— WHAT TO PRODUCE —
Give an unaltered copy of the listing below, minus its pictures.

____

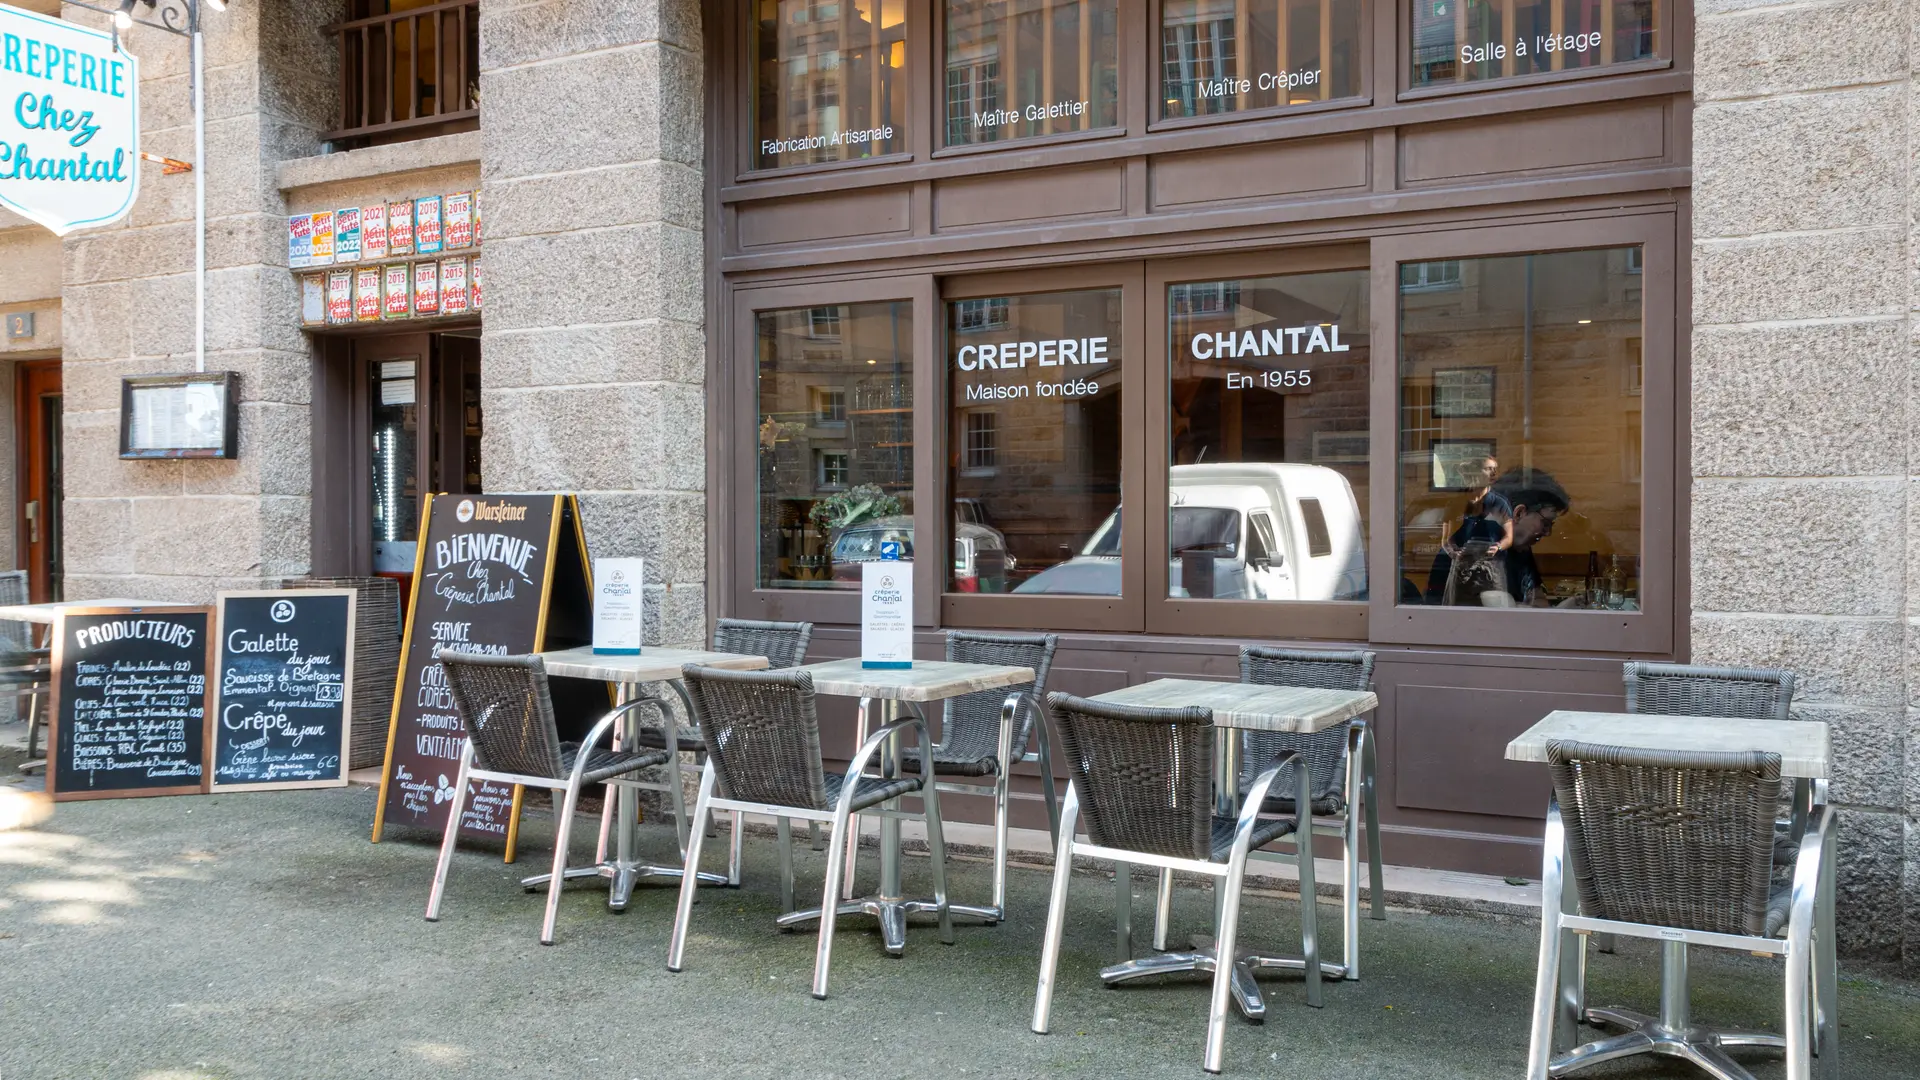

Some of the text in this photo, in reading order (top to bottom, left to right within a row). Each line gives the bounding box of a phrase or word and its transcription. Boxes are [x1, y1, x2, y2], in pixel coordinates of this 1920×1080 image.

[1461, 30, 1601, 64] Salle à l'étage
[0, 32, 125, 98] REPERIE
[1199, 67, 1322, 99] Maître Crêpier
[15, 92, 101, 147] Chez
[974, 99, 1088, 128] Maître Galettier
[762, 125, 893, 155] Fabrication Artisanale
[364, 207, 384, 221] 2021
[390, 204, 411, 217] 2020
[419, 202, 438, 215] 2019
[449, 202, 468, 214] 2018
[337, 240, 360, 252] 2022
[388, 273, 405, 284] 2013
[418, 271, 435, 282] 2014
[445, 267, 463, 279] 2015
[331, 280, 348, 290] 2011
[360, 277, 377, 288] 2012
[15, 317, 24, 334] 2
[1191, 324, 1350, 360] CHANTAL
[958, 336, 1108, 371] CREPERIE
[1227, 369, 1311, 389] En 1955
[966, 379, 1099, 400] Maison fondée
[475, 500, 527, 523] Warsteiner
[467, 560, 489, 580] Chez
[435, 572, 515, 611] Crêperie Chantal
[872, 595, 902, 603] Chantal
[75, 619, 196, 649] PRODUCTEURS
[227, 629, 299, 653] Galette
[173, 660, 191, 672] (22)
[286, 652, 331, 673] du jour
[189, 674, 205, 685] (22)
[224, 667, 341, 686] Saucisse de Bretagne
[186, 684, 204, 694] (22)
[170, 695, 189, 707] (22)
[189, 707, 204, 719] (22)
[223, 703, 287, 738] Crêpe
[166, 719, 184, 731] (22)
[167, 729, 185, 741] (22)
[281, 722, 326, 747] du jour
[167, 741, 187, 753] (35)
[417, 734, 445, 757] VENTE
[231, 750, 258, 767] Crêpe

____

— REPLY TO THE TASK —
Some of the text in this photo, in reading order (top to bottom, left to right within a row). Each line gives the bounding box of a phrase or word and its transcription. Boxes are [x1, y1, x2, y2], in pixel coordinates of this 1920×1080 image.

[1461, 30, 1601, 64] Salle à l'étage
[0, 32, 125, 98] REPERIE
[1199, 67, 1322, 99] Maître Crêpier
[15, 92, 101, 147] Chez
[974, 99, 1088, 128] Maître Galettier
[762, 125, 893, 155] Fabrication Artisanale
[364, 207, 384, 221] 2021
[390, 204, 411, 217] 2020
[419, 202, 438, 215] 2019
[449, 202, 468, 214] 2018
[337, 240, 360, 252] 2022
[388, 273, 405, 284] 2013
[418, 271, 435, 282] 2014
[445, 267, 463, 279] 2015
[331, 280, 348, 290] 2011
[360, 277, 377, 288] 2012
[15, 317, 24, 334] 2
[1191, 324, 1350, 360] CHANTAL
[958, 336, 1108, 371] CREPERIE
[1227, 369, 1311, 389] En 1955
[966, 379, 1099, 400] Maison fondée
[475, 500, 527, 523] Warsteiner
[467, 560, 489, 580] Chez
[435, 572, 515, 611] Crêperie Chantal
[872, 595, 902, 603] Chantal
[75, 619, 196, 649] PRODUCTEURS
[227, 629, 299, 653] Galette
[173, 660, 191, 672] (22)
[286, 652, 331, 673] du jour
[189, 674, 205, 685] (22)
[224, 667, 341, 686] Saucisse de Bretagne
[186, 684, 204, 694] (22)
[170, 695, 189, 707] (22)
[189, 707, 204, 719] (22)
[223, 703, 287, 738] Crêpe
[166, 719, 184, 731] (22)
[167, 729, 185, 741] (22)
[281, 722, 326, 747] du jour
[167, 741, 187, 753] (35)
[417, 734, 445, 757] VENTE
[231, 750, 258, 767] Crêpe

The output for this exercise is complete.